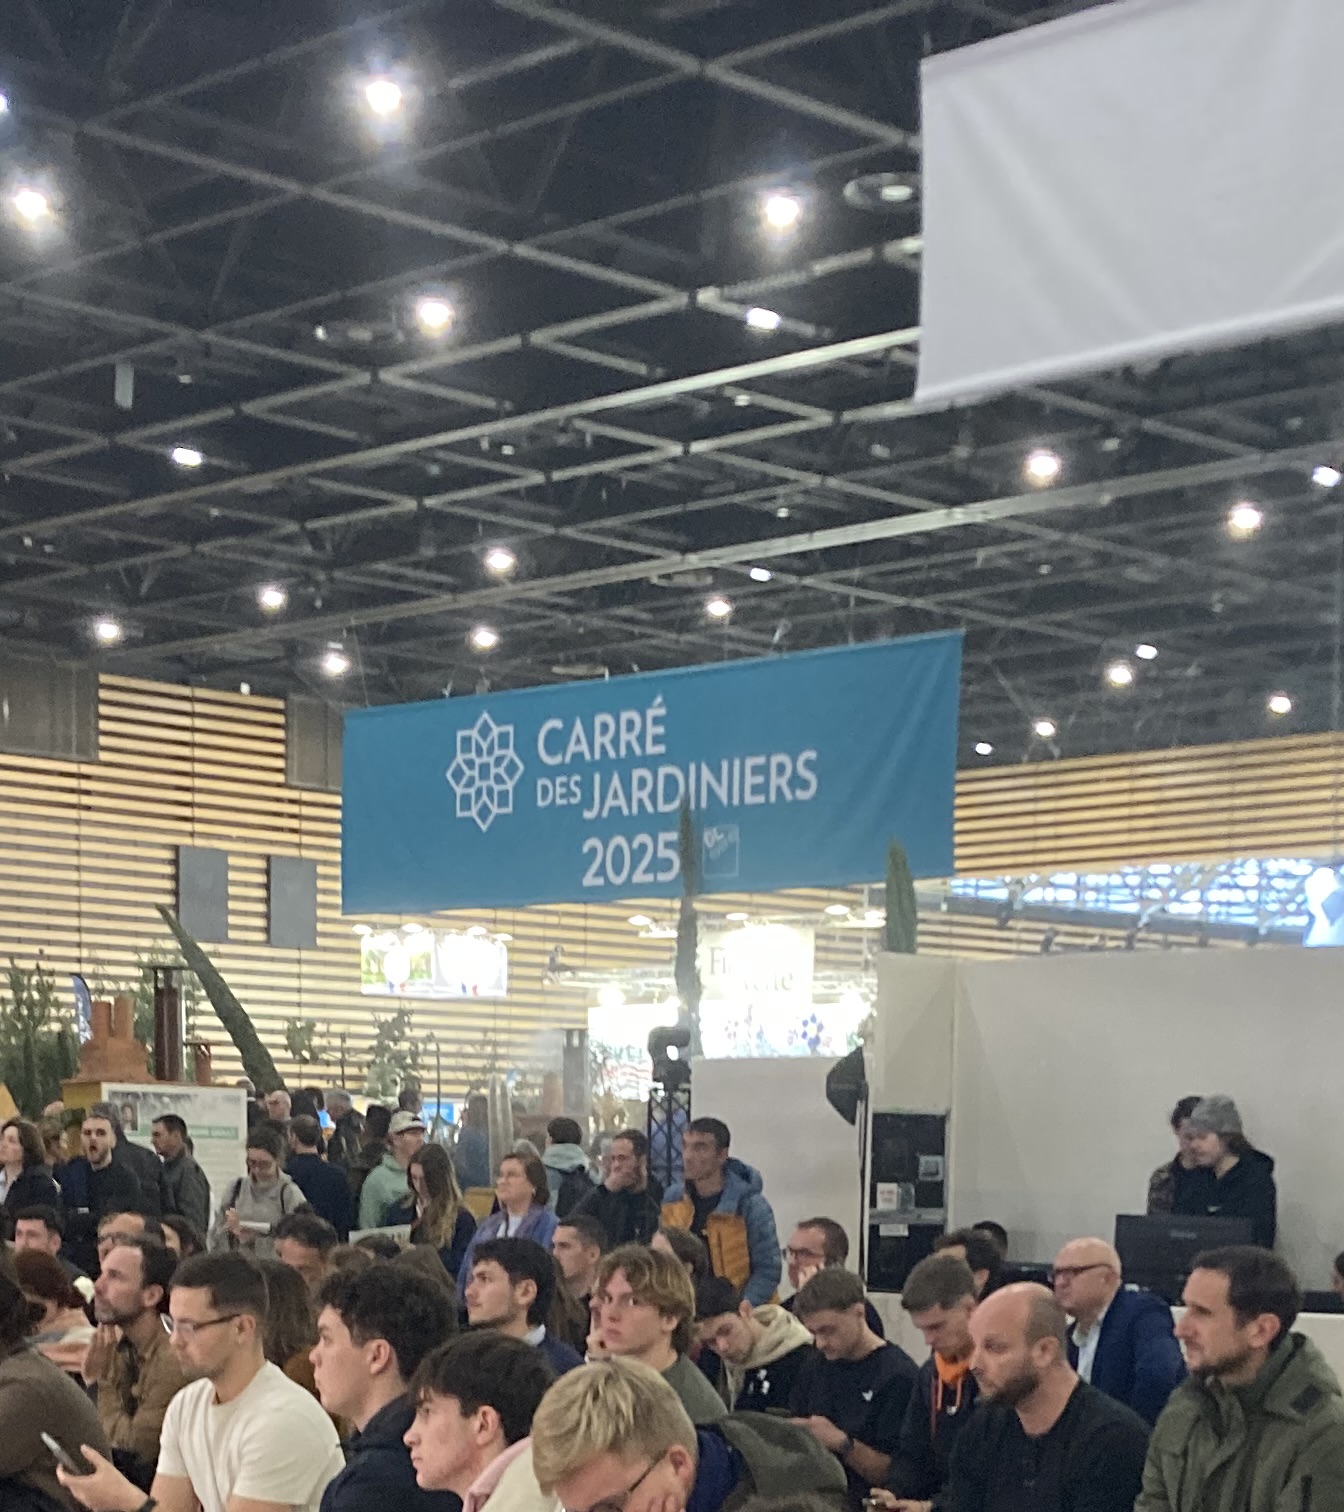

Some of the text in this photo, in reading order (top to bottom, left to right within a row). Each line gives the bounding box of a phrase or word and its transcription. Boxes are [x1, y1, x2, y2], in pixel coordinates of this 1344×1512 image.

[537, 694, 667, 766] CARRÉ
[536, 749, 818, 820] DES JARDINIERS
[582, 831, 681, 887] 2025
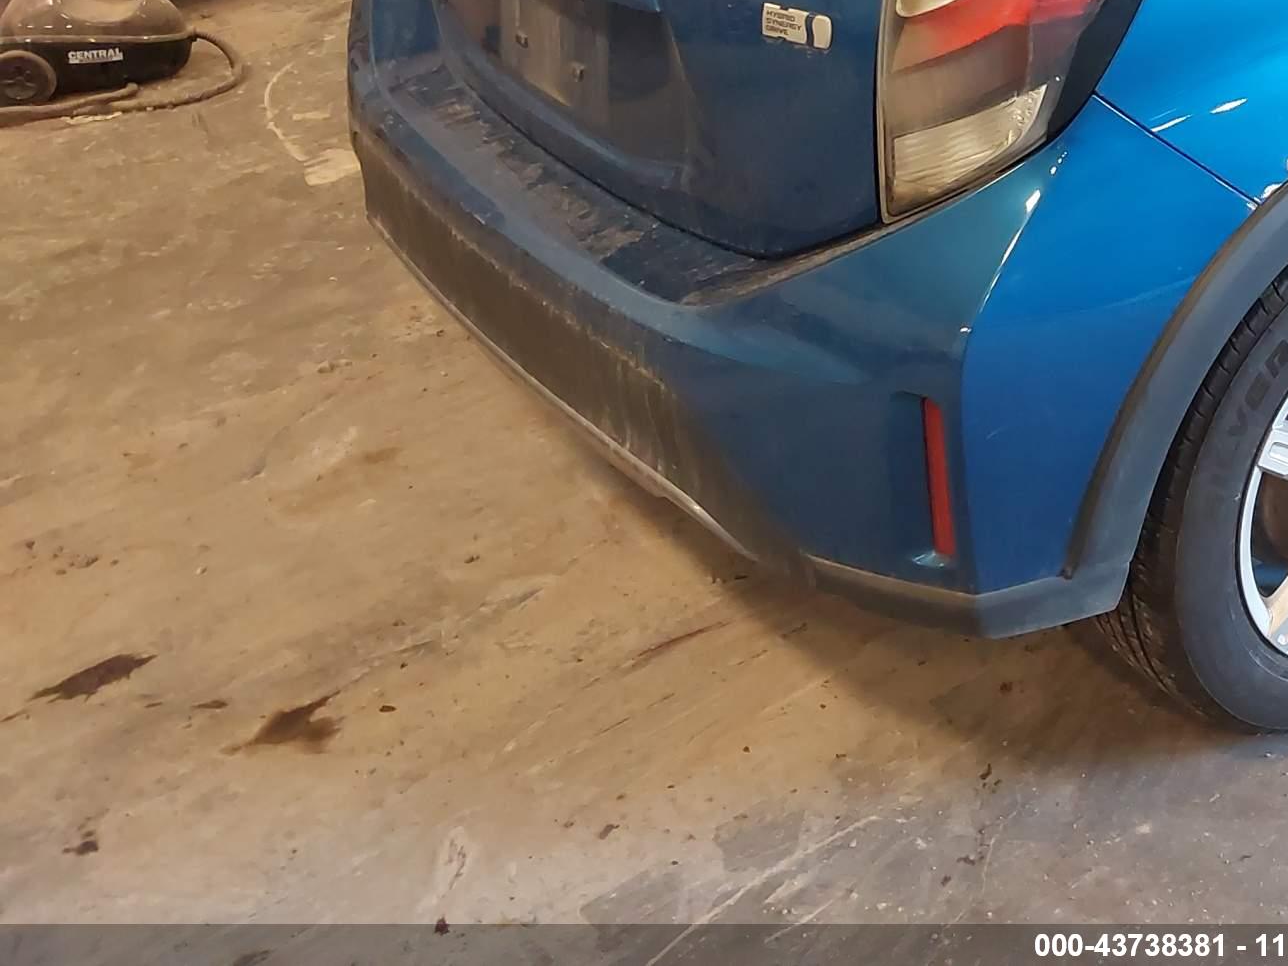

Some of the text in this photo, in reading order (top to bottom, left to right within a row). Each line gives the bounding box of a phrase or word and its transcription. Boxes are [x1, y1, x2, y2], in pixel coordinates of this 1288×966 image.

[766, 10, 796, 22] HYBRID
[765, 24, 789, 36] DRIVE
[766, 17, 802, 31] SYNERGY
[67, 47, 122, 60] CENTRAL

◆ ◆ ◆ ◆

Work instruction:
In the reply, every line of the material above is to be reproduced verbatim, and the images are to be left out.

Task result:
Some of the text in this photo, in reading order (top to bottom, left to right within a row). Each line gives the bounding box of a phrase or word and its transcription. Boxes are [x1, y1, x2, y2], in pixel coordinates of this 1344×1512 image.

[537, 694, 667, 766] CARRÉ
[536, 749, 818, 820] DES JARDINIERS
[582, 831, 681, 887] 2025

Some of the text in this photo, in reading order (top to bottom, left to right within a row). Each line gives the bounding box of a phrase or word and its transcription. Boxes are [x1, y1, x2, y2], in pixel coordinates of this 1288×966 image.

[766, 10, 796, 22] HYBRID
[765, 24, 789, 36] DRIVE
[766, 17, 802, 31] SYNERGY
[67, 47, 122, 60] CENTRAL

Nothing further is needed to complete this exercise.